Reaching vulnerable communities faster: A hands-on exercise to explore how to improve information flows for humanitarian decision-makers
The ability to create climate hazard monitoring products has proliferated thanks to an increase in the availability of satellite data, the internet of things, other big data and the technology to analyze it. However, the ability to interpret and to ultimately use this data for measuring risk and impact on vulnerable populations remains a significant challenge. For example, in 2019, Cyclone Idai devastated Mozambique, creating almost as much damage as a cyclone in 2000 of the same magnitude.
Clearly, nearly 20 years of scientific advancements and development had not reduced the risk of the country. The ability to make difficult decisions on who to assist given finite resources is limited by a lack of actionable information which meets the needs of users, particularly data and information on vulnerable communities. To create effective systems for decision-makers, new interdisciplinary, user-centric research priorities and goals are needed to better deliver actionable information to decision makers. At the same time, given the limited response capacity in many disaster-prone countries, determining where to allocate resources requires a deeper understanding of the relationship between climate hazards and their consequences on vulnerable communities.
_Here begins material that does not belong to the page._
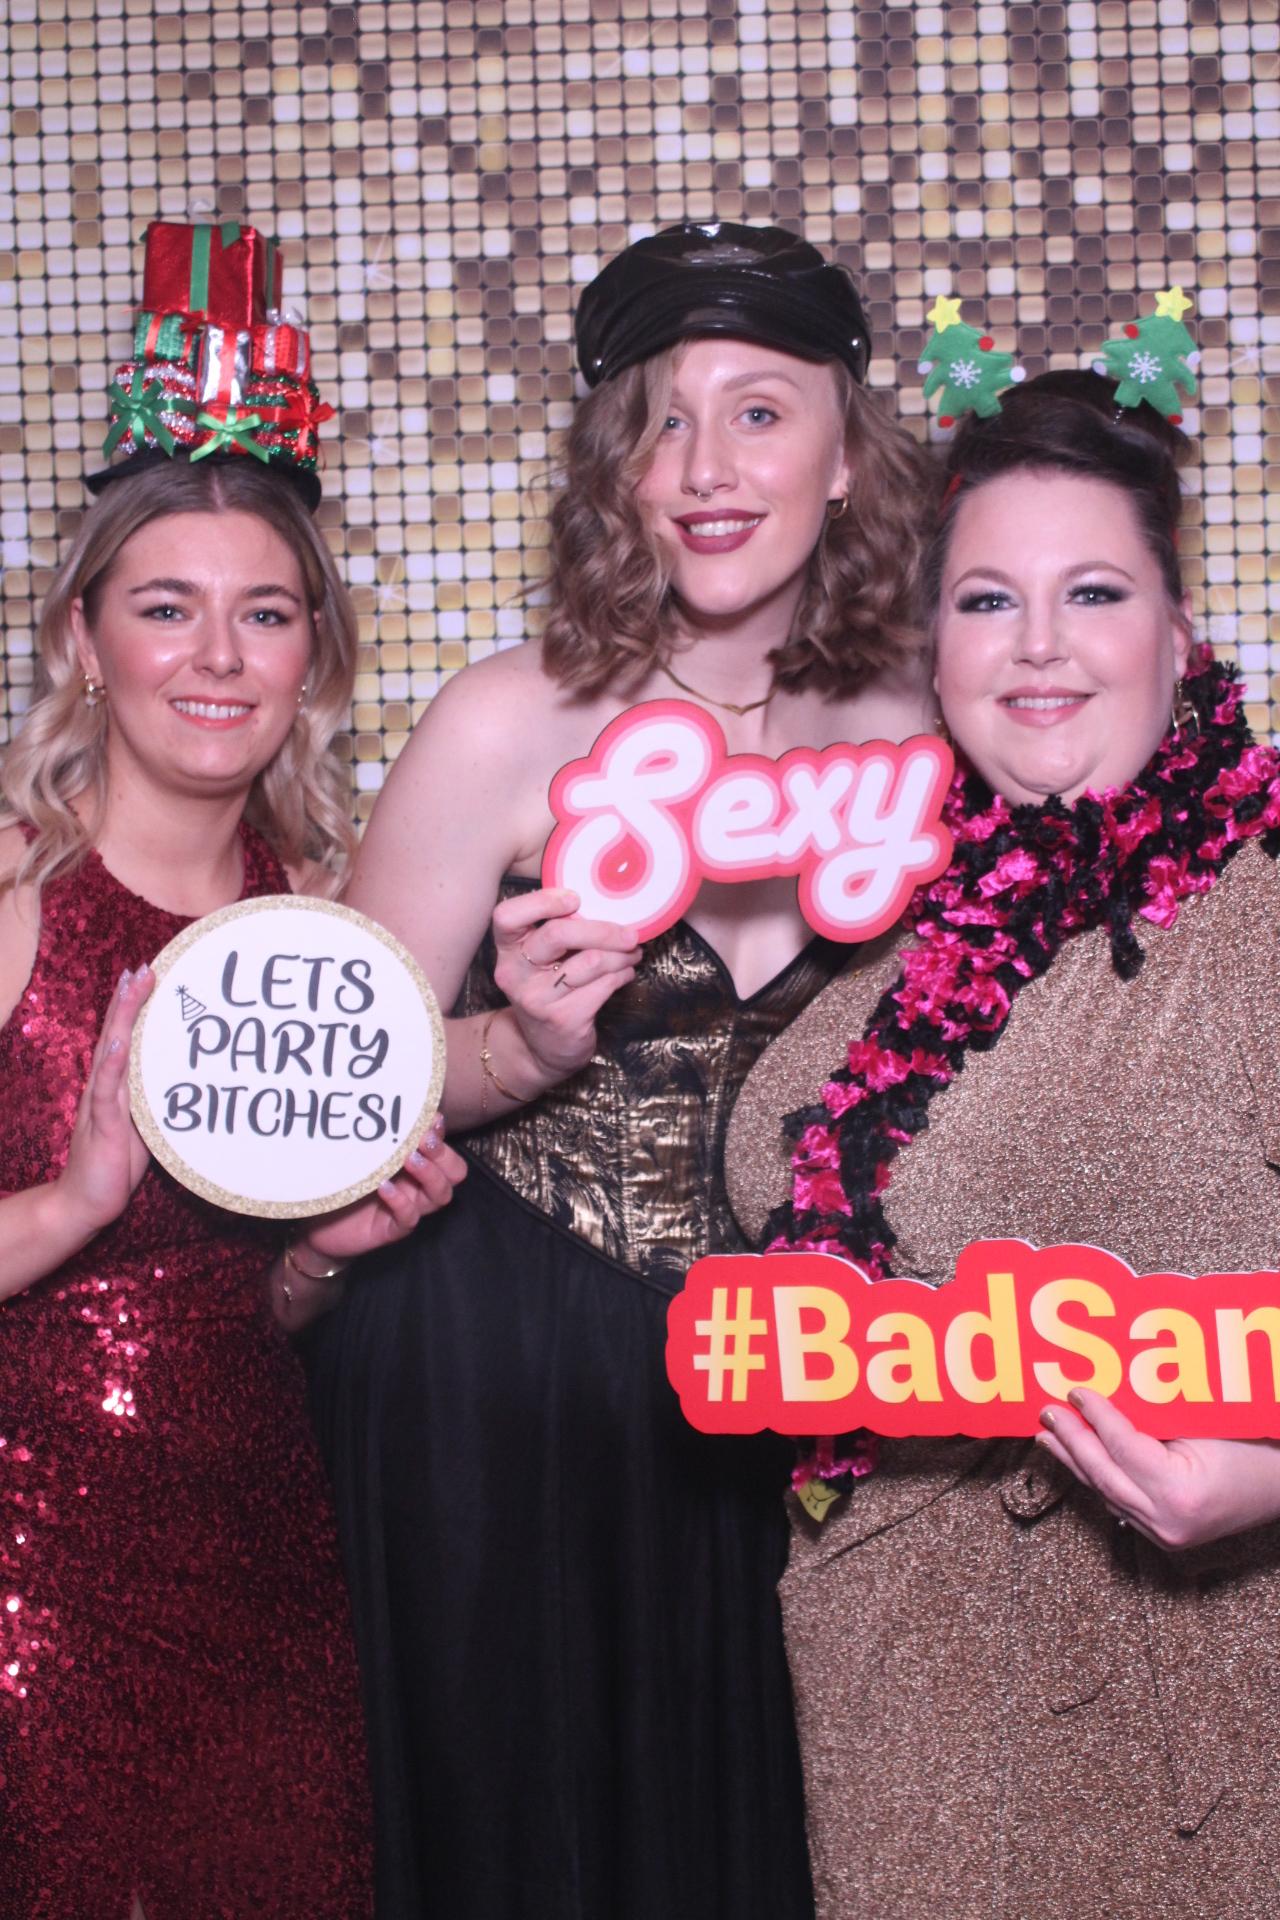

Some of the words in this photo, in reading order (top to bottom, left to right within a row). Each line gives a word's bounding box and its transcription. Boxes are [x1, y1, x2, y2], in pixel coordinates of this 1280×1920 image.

[559, 719, 936, 927] Sexy
[221, 950, 375, 1015] LETS
[163, 1082, 402, 1144] BITCHES!
Key questions will be explored during this workshop to bring these topics into focus: Who are the decision makers at various levels and phases of the disaster cycle that are users of risk analysis and monitoring products? How can reliable risk information be communicated to them most effectively to protect lives and livelihoods? With limited resources available, who specifically is vulnerable to each of these hazards? How should data and information on vulnerable communities be presented to make them actionable? How can this information ultimately feed into decision support systems?
To demonstrate the critical value of actionable risk information focused on vulnerable communities, participants will take part in a disaster response scenario where a sudden onset shock requires immediate humanitarian response. With a limited amount of information, participants will need to decide where to allocate limited resources and to whom. Following the exercise, participants will revisit the information needs and be asked to present their findings and defend the decisions made. Participants will be asked to reflect on how information could have been packaged earlier to allow for better decisions, and subsequently to better prepare for future disaster response.
This Focus Day event seeks to bring researchers and practitioners together to discuss pathways to operationalize vulnerability research and to bring human centered design principles to risk monitoring systems in order to increase the effectiveness of decision-makers to reach the most vulnerable communities impacted by weather-driven hazards.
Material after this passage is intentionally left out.